Neben W.A.S.P. (und dem Original, natürlich) ist die Version von The Real Me von FASTBALL die beste, die ich je von dieser Nummer gehört habe. Auch das richtig klasse gespielt und nicht zuletzt deshalb so gut klingend, weil Tony Scalzo sich auch an die Bassläufe des seligen John Entwistle heranwagt.
Die Entscheidung für Naked Eye fiel bei UNAMERICAN, nachdem sie 2000 mit THE WHO durch Amerika getourt waren. Lehnt sich so auch stark an die Vorlage an, bringt aber soundmäßig ein paar Neuerungen und wird diesem Ausnahmesong durchaus gerecht. Vor allem der "Jam" zum Schluss mit der Slide-Gitarre ist richtig gut.
Wenige hätten sich wohl an Who Are You herangewagt, noch dazu an einer ziemlich originalen Version. Die STEREOPHONICS haben es gemacht und zeigen, dass sie es auch drauf haben. Gesanglich hat Noel Gallagher (OASIS) bei den "ooh oohs" ausgeholfen, und auch wenn ich Kelly Jones' Stimme für gewöhnlich nicht so toll finde, macht auch er einen überzeugenden Job. Klar kann man sagen: Warum so originalgetreu? Man muss es aber auch erst mal hinkriegen.

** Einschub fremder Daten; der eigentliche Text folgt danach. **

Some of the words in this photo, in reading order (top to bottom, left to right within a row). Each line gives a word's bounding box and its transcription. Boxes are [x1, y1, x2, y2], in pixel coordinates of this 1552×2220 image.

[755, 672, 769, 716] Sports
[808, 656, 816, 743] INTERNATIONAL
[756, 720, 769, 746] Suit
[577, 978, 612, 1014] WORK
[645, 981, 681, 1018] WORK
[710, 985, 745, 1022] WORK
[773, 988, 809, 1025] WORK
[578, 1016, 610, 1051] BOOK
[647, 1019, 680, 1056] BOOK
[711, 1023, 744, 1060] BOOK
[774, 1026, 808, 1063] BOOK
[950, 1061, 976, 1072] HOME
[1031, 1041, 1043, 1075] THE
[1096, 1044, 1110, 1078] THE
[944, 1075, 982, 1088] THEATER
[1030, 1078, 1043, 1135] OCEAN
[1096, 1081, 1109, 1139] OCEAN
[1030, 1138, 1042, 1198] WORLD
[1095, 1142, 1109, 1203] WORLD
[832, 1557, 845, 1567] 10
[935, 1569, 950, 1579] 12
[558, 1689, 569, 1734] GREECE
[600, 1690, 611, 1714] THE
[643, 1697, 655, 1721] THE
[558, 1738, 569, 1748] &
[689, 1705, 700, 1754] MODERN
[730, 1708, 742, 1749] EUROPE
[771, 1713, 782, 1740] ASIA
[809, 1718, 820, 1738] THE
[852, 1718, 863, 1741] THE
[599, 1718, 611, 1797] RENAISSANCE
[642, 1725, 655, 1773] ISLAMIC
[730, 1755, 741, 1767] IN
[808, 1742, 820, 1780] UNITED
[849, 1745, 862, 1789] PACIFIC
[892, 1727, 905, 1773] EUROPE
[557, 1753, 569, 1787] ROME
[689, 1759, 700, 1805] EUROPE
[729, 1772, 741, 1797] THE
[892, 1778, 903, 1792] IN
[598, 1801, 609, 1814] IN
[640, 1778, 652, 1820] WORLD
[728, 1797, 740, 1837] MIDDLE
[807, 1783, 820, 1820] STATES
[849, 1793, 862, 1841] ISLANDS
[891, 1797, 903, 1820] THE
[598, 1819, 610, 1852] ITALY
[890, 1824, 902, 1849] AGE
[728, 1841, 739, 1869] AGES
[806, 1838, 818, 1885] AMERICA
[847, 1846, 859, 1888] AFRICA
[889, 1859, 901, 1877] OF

Auch PHISH liefern eine sehr "originale" Version von 5:15, die natürlich im Vergleich zum vorherigen Song sich schon dadurch unterscheidet, dass sie live im Konzert eingespielt wurde. Somit klingt's einiges rauer und wilder und die Stimme ist halt auch nicht ganz perfekt. Doch auch hier kann man sehr zufrieden mit sein.
Ehrlich gesagt: Die Nummer, mit der das Album wirbt, ist der schwächste Song auf dieser CD.
Die Sheryl Crow hat eine absolut geile Stimme, da gibt's nix, aber ein Behind Blue Eyes braucht kein "Programming" und Moog-Synthesizer und muss auch nicht mit Keyboards zugeschmiert werden.
Immerhin wird hier der fetzige Mittelteil gespielt, dafür fehlt mir dann etwas die stimmliche "Begeisterung".
Zum Schluss müssen halt doch noch mal die alten Meister ran: Damals war ja die "Live At The Royal Albert Hall" noch nicht veröffentlicht und so konnte (und kann) man sich hier daran erfreuen, welche Energie die Band in einen so alten Song wie Substitute live noch reinpowern kann. Kaum zu glauben, aber sie sind immer noch unschlagbar! Gastsänger Kelly Jones fällt da sogar eher hinderlich denn bereichernd auf.
Wenig neue Eindrücke sind hier zu finden, aber reichlich guter, powervoller Stoff der einen, überwiegend, mitreißt.